→ **Records for the task**:
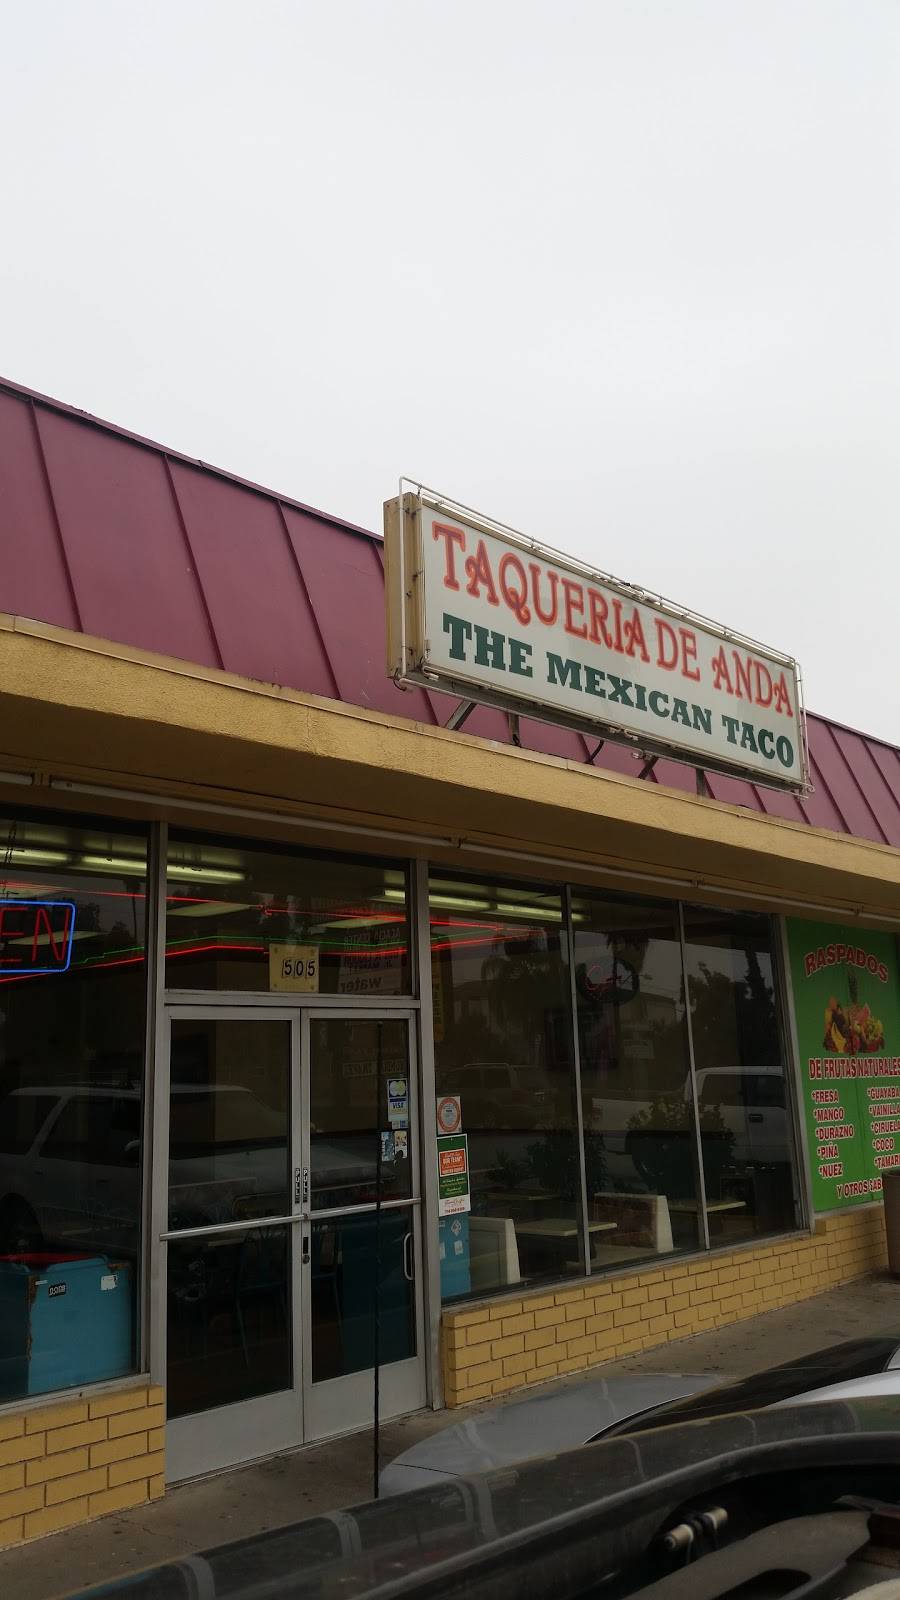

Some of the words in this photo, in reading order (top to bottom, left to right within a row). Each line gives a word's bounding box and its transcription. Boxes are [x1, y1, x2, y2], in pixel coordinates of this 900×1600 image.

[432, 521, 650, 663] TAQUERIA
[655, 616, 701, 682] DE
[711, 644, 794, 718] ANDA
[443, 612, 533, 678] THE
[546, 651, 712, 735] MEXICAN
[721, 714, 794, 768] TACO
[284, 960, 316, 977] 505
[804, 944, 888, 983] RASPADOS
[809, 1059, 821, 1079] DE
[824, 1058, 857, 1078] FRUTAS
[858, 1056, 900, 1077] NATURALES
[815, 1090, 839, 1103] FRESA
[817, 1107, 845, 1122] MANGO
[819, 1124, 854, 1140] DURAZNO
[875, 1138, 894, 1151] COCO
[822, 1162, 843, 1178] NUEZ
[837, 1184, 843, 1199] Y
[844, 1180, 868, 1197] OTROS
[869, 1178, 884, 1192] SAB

→ **Goal of the exercise**: Transcribe all the entries precisely. Do not include any picture.

→ **Response below**:
Some of the words in this photo, in reading order (top to bottom, left to right within a row). Each line gives a word's bounding box and its transcription. Boxes are [x1, y1, x2, y2], in pixel coordinates of this 900×1600 image.

[432, 521, 650, 663] TAQUERIA
[655, 616, 701, 682] DE
[711, 644, 794, 718] ANDA
[443, 612, 533, 678] THE
[546, 651, 712, 735] MEXICAN
[721, 714, 794, 768] TACO
[284, 960, 316, 977] 505
[804, 944, 888, 983] RASPADOS
[809, 1059, 821, 1079] DE
[824, 1058, 857, 1078] FRUTAS
[858, 1056, 900, 1077] NATURALES
[815, 1090, 839, 1103] FRESA
[817, 1107, 845, 1122] MANGO
[819, 1124, 854, 1140] DURAZNO
[875, 1138, 894, 1151] COCO
[822, 1162, 843, 1178] NUEZ
[837, 1184, 843, 1199] Y
[844, 1180, 868, 1197] OTROS
[869, 1178, 884, 1192] SAB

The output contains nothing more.